On March 16th 2006 in the year that I turned 30, I went to see a psychic in Peterborough who completely rocked my world. Tonight, for the first time since the visit, I listened to the recording of my 45 minutes spent with him. He told me some really, really beautiful things, and he knew some very specific things about me that he couldn't have possibly known. If what he says is true, I must hold it close to my heart and let it serve as fuel as I take these next steps towards realizing my path in this life.

Each day, I seek to know myself better. At first I thought it was because I am narcissistic, but now I believe it is so I may use my insight to help other people. To step into the world with my eyes open, and use my unique sight to shed some light into other people's corners of the universe. I think this is the "why". I'm eager now to explore the "how".

Thank you universe, for an incredible year.

Saturday, March 28, 2009

One Hour, No Power, and That's O.K.


Tonight I am cooking a romantic dinner for two that has absolutely nothing to do with my dog.

It's not just dinner. It's a romantic dinner. For two.

It has been approximately one year and two months since I last did that. In the meanwhile, I've cooked romantic dinners for friends, romantic dinners for families, and just plain dinners for two sans romance.
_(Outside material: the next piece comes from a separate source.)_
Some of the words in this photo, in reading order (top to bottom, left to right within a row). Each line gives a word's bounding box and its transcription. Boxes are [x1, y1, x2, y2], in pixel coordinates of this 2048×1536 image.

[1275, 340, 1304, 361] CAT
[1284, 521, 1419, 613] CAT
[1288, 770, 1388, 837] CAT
Tonight is romantic. And I'm cooking.

For those of you who don't understand the significance of this, you must note that I was born with an over-developed nurturing bone. The easiest and clearest way I know how to demonstrate my affections is to care for someone. My favourite way to care for someone is to make sure they are well-fed.
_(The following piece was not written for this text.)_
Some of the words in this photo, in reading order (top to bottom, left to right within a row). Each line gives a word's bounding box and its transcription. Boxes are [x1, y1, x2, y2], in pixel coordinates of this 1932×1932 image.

This is not to say I haven't cared for anyone in the last year and two months. I have. A few people, in fact. Something prevented me from laying it on. I cooked one or two intimate meals during that time, and realized almost as dinner hit the table that it was perhaps a bit hasty of me. In one instance, it was a simple "thank you". I realized what cooking means. What it can represent, and so I've held on to that one, mostly. Until tonight.

From this you can conclude that I am lowering the drawbridge a little. Just a little. It feels like the thing to do, in a simple, easy way.
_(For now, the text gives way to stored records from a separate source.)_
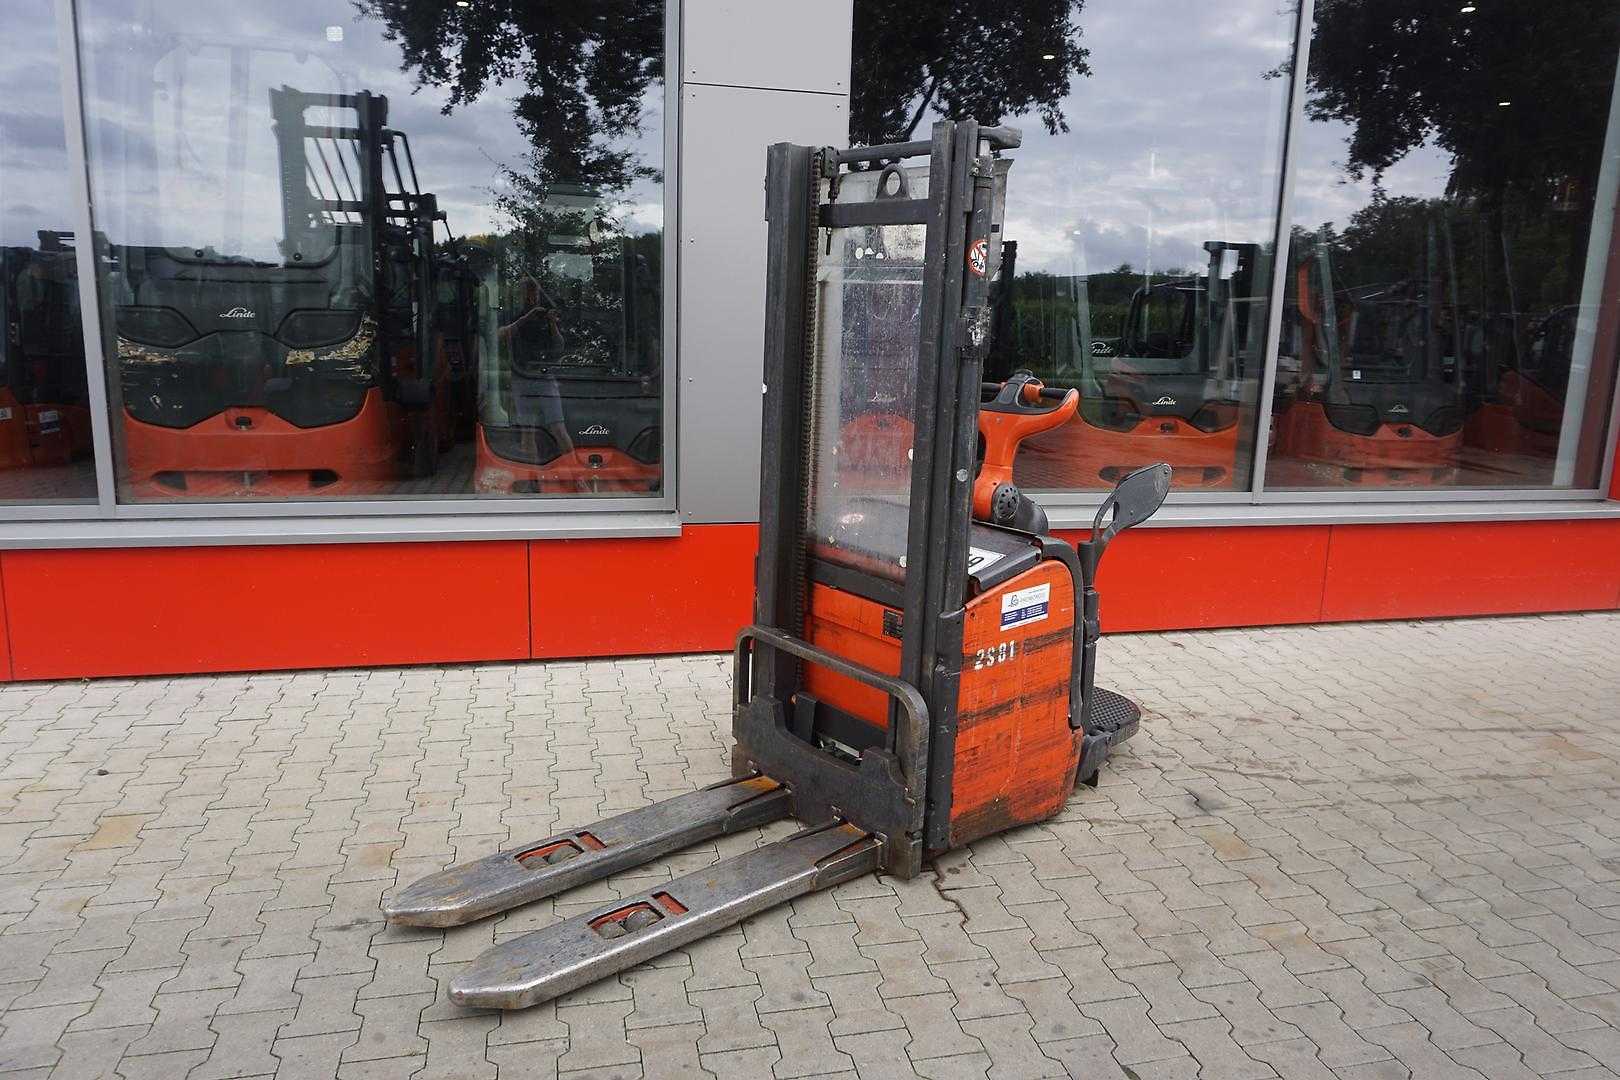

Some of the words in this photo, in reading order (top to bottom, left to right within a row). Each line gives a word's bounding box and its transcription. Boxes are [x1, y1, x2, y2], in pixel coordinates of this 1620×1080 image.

[219, 307, 256, 318] Linde
[1153, 397, 1176, 406] Linde
[579, 424, 610, 435] Linde
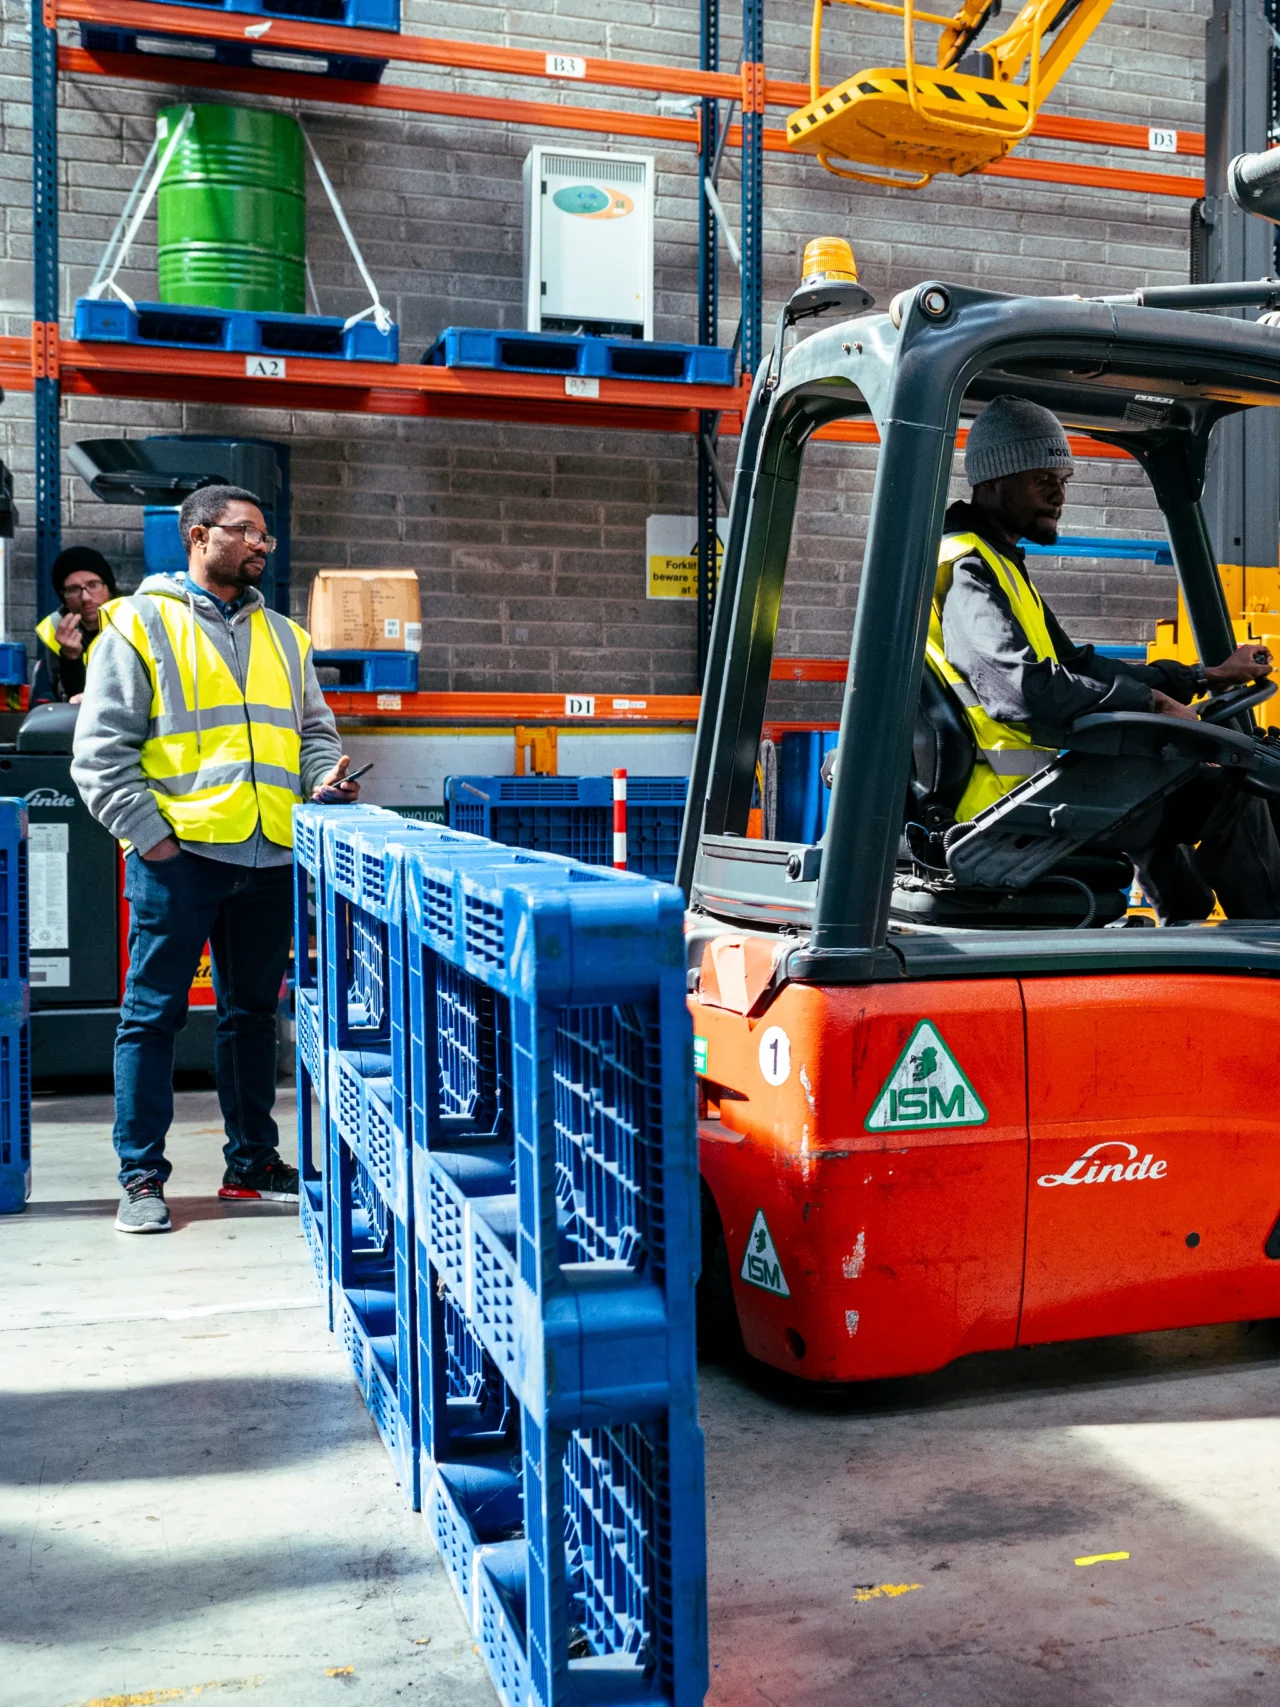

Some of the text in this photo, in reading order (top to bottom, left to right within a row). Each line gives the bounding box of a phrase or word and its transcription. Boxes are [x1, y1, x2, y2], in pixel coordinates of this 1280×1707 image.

[552, 56, 578, 75] B3
[1153, 131, 1175, 149] D3
[252, 359, 281, 377] A2
[666, 560, 697, 570] Forklif
[653, 572, 689, 582] beware
[570, 699, 592, 714] D1
[23, 788, 75, 807] Linde
[401, 811, 444, 822] MOTORI
[769, 1038, 778, 1075] 1
[890, 1084, 966, 1122] ISM
[1037, 1141, 1168, 1187] Linde
[747, 1253, 781, 1290] ISM
Dinner will be served at this so-called "Earth Hour" when we are asked to kill all the hydro. This will force us to eat by candle-light. I've always thought that the most important things are easier to see by candlelight.

So there it is. Dinner for two. At the Fortress of Solitude.

Hm.

Monday, March 23, 2009

A Little Bit of Brownie for the Soul


I tend to write more when I'm angsty or blue or distressed. That is most certainly not the case this last week. It might have a lot to do with the seasonal shift. It might have a lot to do with something else. It might have a lot to do with my fabulous job. At any rate, I don't want to be a one-note blogger, so I'm making an effort to write from this currently very happy place...

Today I happened upon this while eating some fiercely delicious leftover pizza concocted by my dear friend Joshua Hind. It made me smile, and it made my heart sing a little, and I wanted to share it with you:

From the Globe and Mail 'Lives Lived' section

BROWNIE FREEDMAN

Wife, mother, grandmother, great-grandmother, friend, nurse, inspiration. Born March 20, 1909, in Winnipeg. Died Oct. 20, 2008, in Winnipeg after a fall, aged 99.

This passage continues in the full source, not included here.